Paper No. 5
Presentation Time: 9:25 AM

VESTA’S SACRED SPRING


PRETTYMAN, T.H., Planetary Science Institute, Los Ranchos de Albuquerque, NM 87107, MCSWEEN, H.Y., Earth and Planetary Sciences, University of Tennessee, 1412 Circle Drive, Knoxville, TN 37996-1410 and RUSSELL, C.T., Institute of Geophysics, University of California, Los Angeles, 603 Charles Young Drive, 3845, Los Angeles, CA 90095, prettyman@psi.edu

The Vestals of ancient Rome performed purification rituals in which water was sprinkled on the temple of the perpetual fire. Thus, the selection of “Vesta” by Gauss as the name of the fourth main-belt asteroid, discovered in 1807, foreshadowed the nature of this small body: “Fire” and water appear to have shaped the surface of Vesta. Based on telescopic observations, data recently acquired by the NASA Dawn mission, and many other lines of evidence, Vesta is connected to a large group of magmatic meteorites - the Howardite, Eucrite and Diogenite (HED) clan - thought to have been ejected from the crust and upper mantle of a single, parent body. Their low K/Th ratios and igneous petrology support the hypothesis that Vesta formed from volatile-poor materials that melted and differentiated to form a core, mantle, and crust early in the history of the solar system. Yet, the Dawn mission discovered that the upper surface – the regolith – of this “dry” asteroid contains extensive deposits of dark, hydrated materials along with geomorphological evidence for alteration of the surface by volatiles.
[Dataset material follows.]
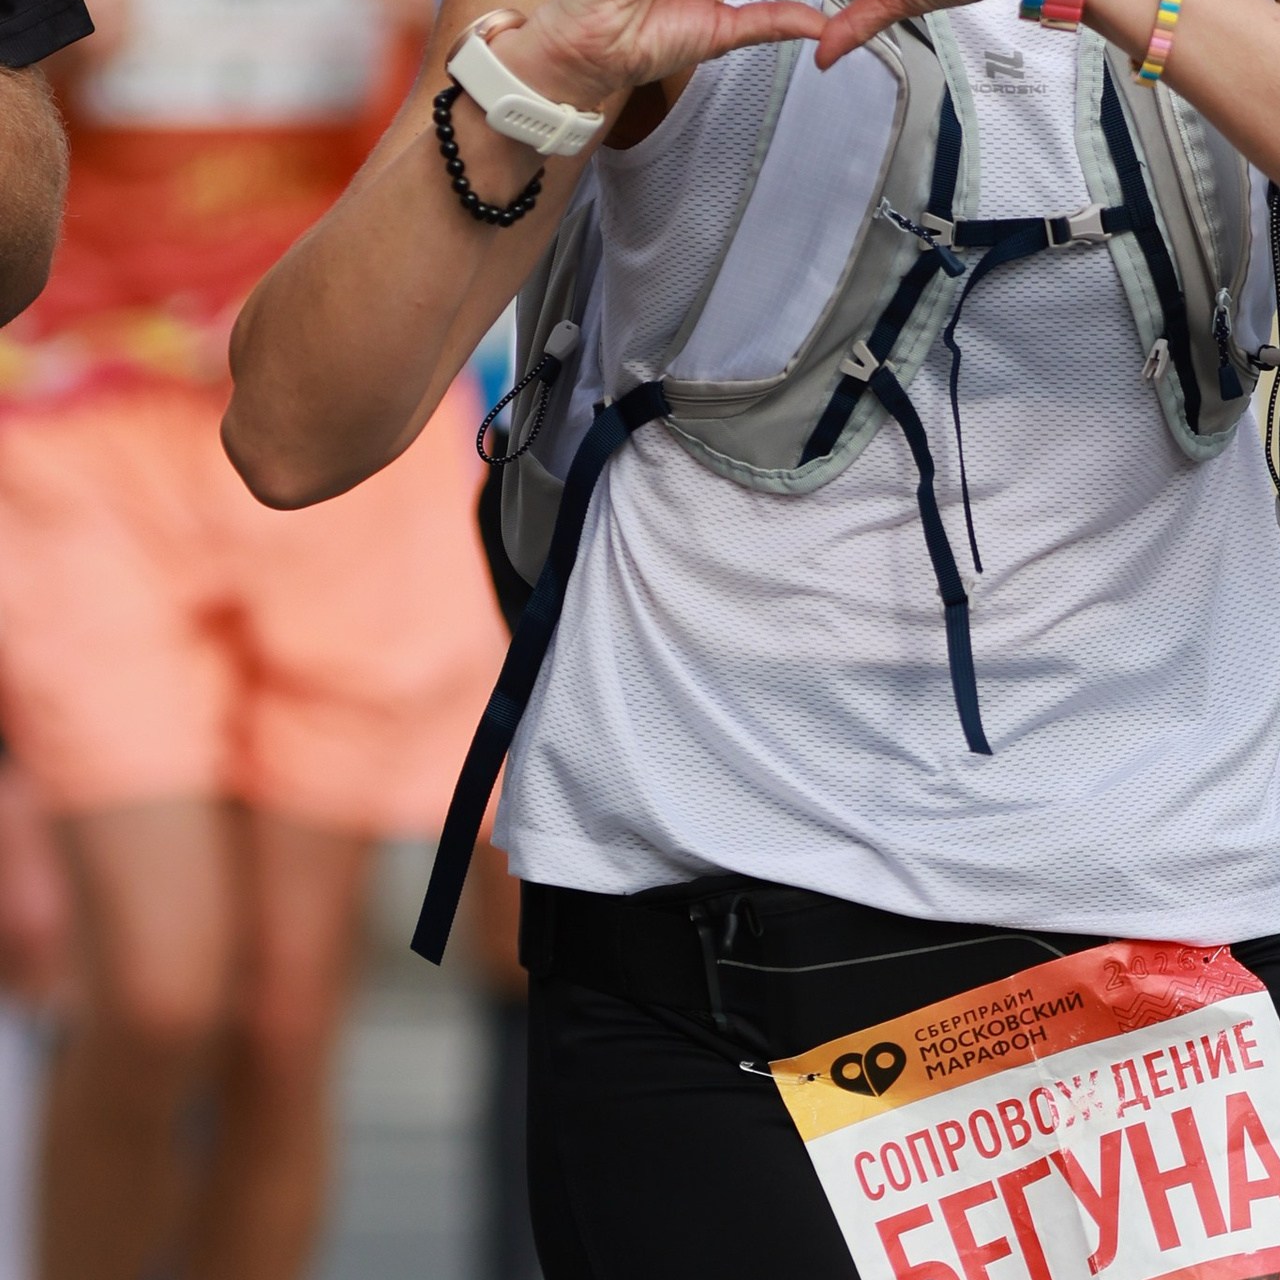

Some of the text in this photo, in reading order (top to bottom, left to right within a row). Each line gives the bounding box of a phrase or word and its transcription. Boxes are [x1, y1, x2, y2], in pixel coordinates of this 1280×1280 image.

Hydrogen, in the form of hydroxyl, is found in low albedo regions and in geologic settings that suggest hydrous material was delivered by the infall of carbonaceous chondrites onto Vesta’s bright, basaltic surface. In fact, howardites, thought to be lithified samples of Vesta’s ancient regolith, often contain carbonaceous chondrite clasts. These clasts contain hydrous phyllosilicates, minimally altered by impacts. Intense heating produced by occasional, high-velocity impacts may have violently released “lattice water” from Vesta’s regolith. Such processes may have formed pitted regions within relatively young craters such as Marcia, similar to that seen in some martian craters. Given Vesta’s location within the main belt, perhaps the presence of a carbonaceous chondrite component is not surprising; however, exactly how and when this material was delivered and its influence on Vesta’s evolution is unknown. That a few eucrites appear to have crystalized from magmas containing dissolved water and the presence of quartz veinlets in one of them deepens the mystery. The discovery of hydrated minerals on the surface of a basaltic asteroid raises new questions about the delivery of water to the asteroid belt and inner solar system.